No Recovery Mechanism
The escrow does not provide recovery for locked or inaccessible balances. If an account owner loses the ability to call release() (due to contract bugs, lost keys, or compromised logic), the escrowed assets cannot be recovered by the escrow itself. Recovery must be handled at the account level or through external governance. Account owners are responsible for ensuring release() remains callable.
Test Checklist
Tier 1 — Core Conformance (MANDATORY)
- deposit succeeds for ERC-20 (with approval) and native token (msg.value == amount)

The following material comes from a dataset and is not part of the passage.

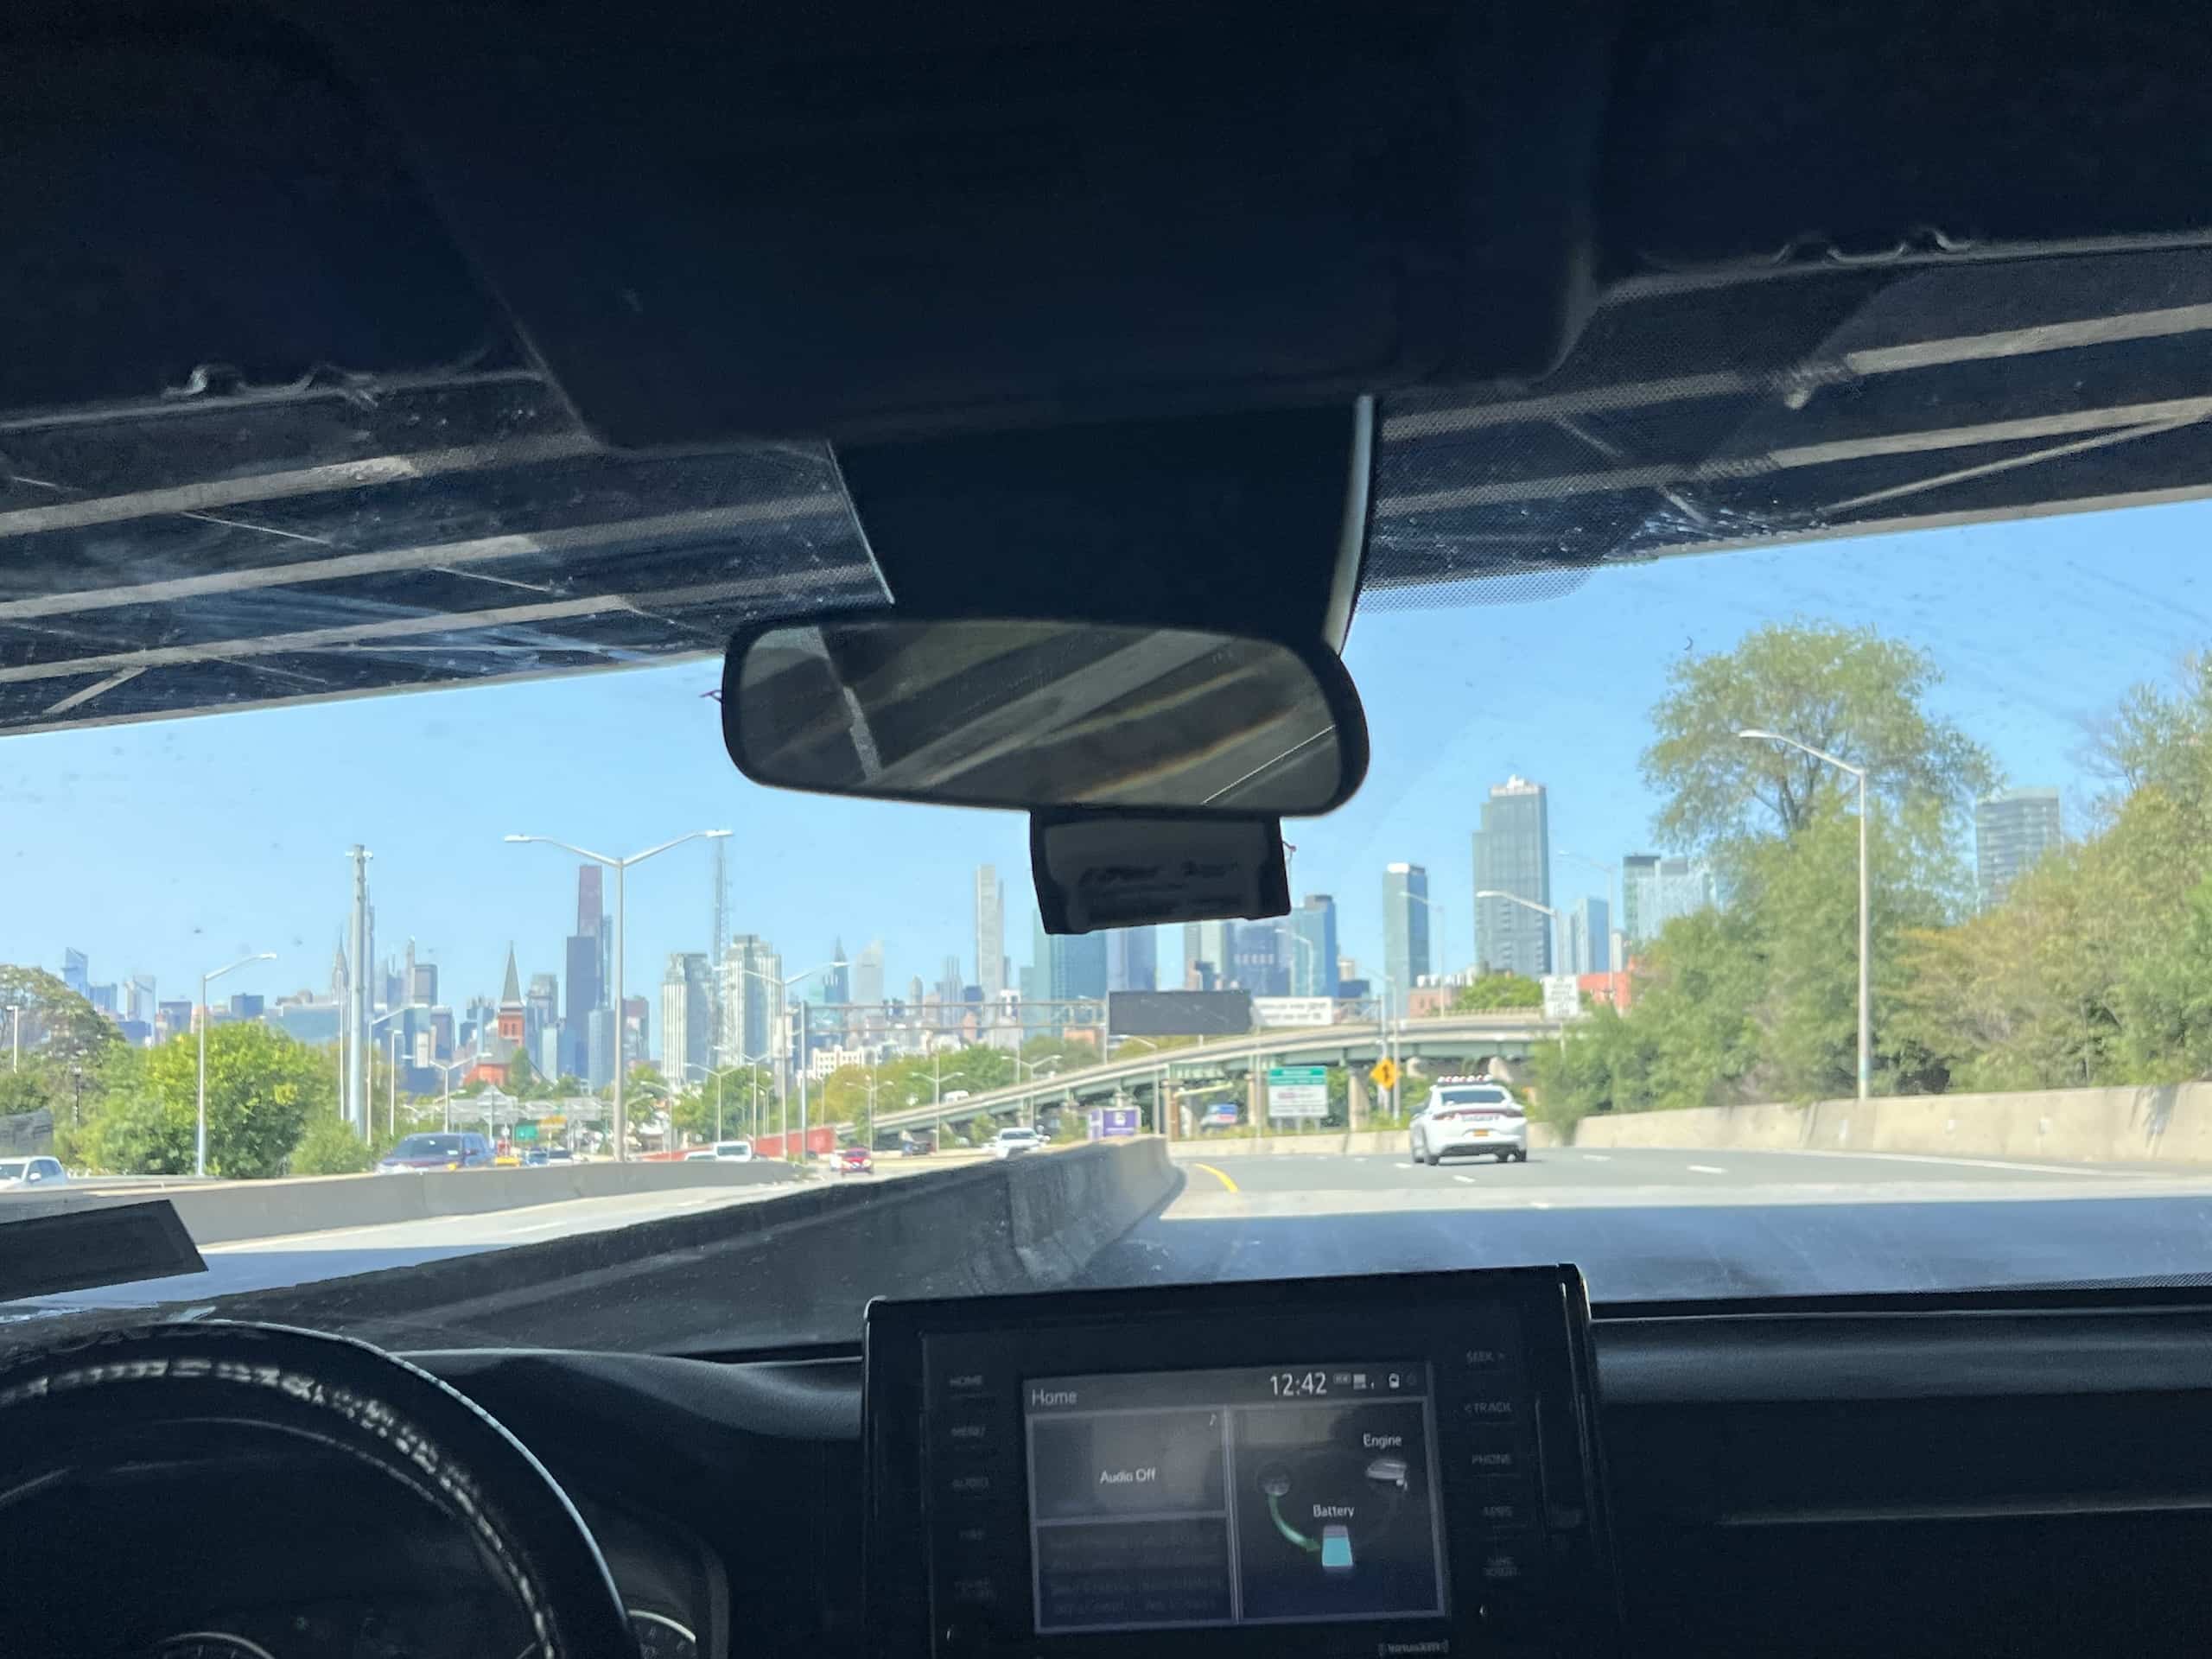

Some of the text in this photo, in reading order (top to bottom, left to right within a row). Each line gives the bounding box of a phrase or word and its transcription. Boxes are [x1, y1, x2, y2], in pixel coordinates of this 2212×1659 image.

- release succeeds; balance decreases; funds transferred
escrowBalancereturns correct value- release with amount > balance reverts
- release by an address different from the account owner (msg.sender) reverts
- duplicate releaseId reverts (global scope across all assets)

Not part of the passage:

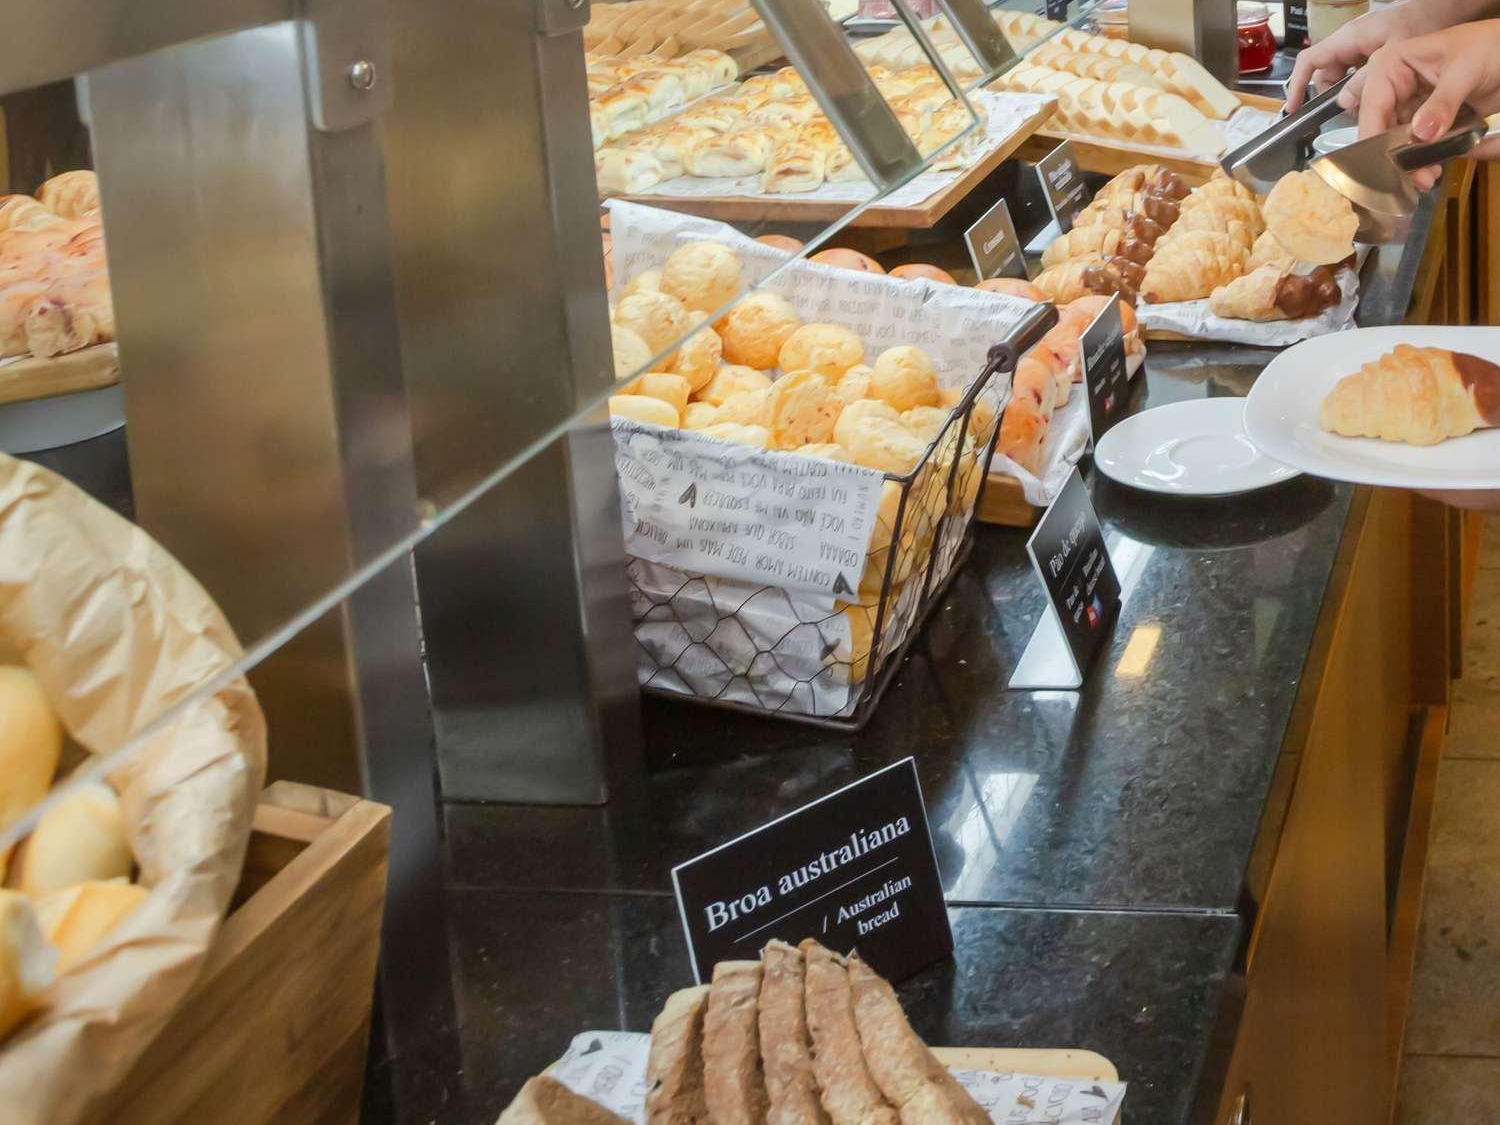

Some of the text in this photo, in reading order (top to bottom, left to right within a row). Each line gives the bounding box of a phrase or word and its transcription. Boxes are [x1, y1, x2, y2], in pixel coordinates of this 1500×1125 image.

- same releaseId used with a different asset also reverts (enforces global scoping)
- ERC-20 deposit with msg.value > 0 reverts
- native deposit with msg.value != amount reverts
- release to address(0) reverts
- amount == 0 in release reverts
- fee-on-transfer ERC-20: credited balance = actual received, not parameter amount
- reentrancy (in deposit and release) does not corrupt state
- multiple protocols have independent balances
Tier 2 — Optional Features (CONDITIONAL)
- (if extended queries)
escrowBalanceOfandisReleaseIdUsedwork correctly - (if hook)
onDepositcalled after balance credit; reverts roll back deposit - (if preview)
canReleasereturns (true, 0) iff release would succeed; reason codes consistent
Backwards Compatibility
This standard introduces a new interface and does not modify any existing standard. ERC-20 and native token mechanics are unchanged. Protocols adopt this standard by implementing the three core functions and calling them according to the specification.
Open Questions for Community Feedback
-
Fee-on-transfer handling. Is balance delta the right model, or should we allow opt-in alternatives?
-
Governance layers. Should the standard define a minimal governance interface (register, pause), or keep governance entirely out of scope?
-
Immutable vs. governed deployments. Should we explicitly support both zero-governance and multi-sig-governed instances?
-
Cross-chain identity. If a protocol deploys on multiple chains, should escrow instances on different chains be considered the same protocol or distinct?
Implementation Resources
A reference implementation for chain-level deployment is available (informative). Minimal immutable deployments are equally valid.
We look forward to feedback from teams building bridges, payment systems, privacy protocols, or any protocol that currently maintains its own fund pool.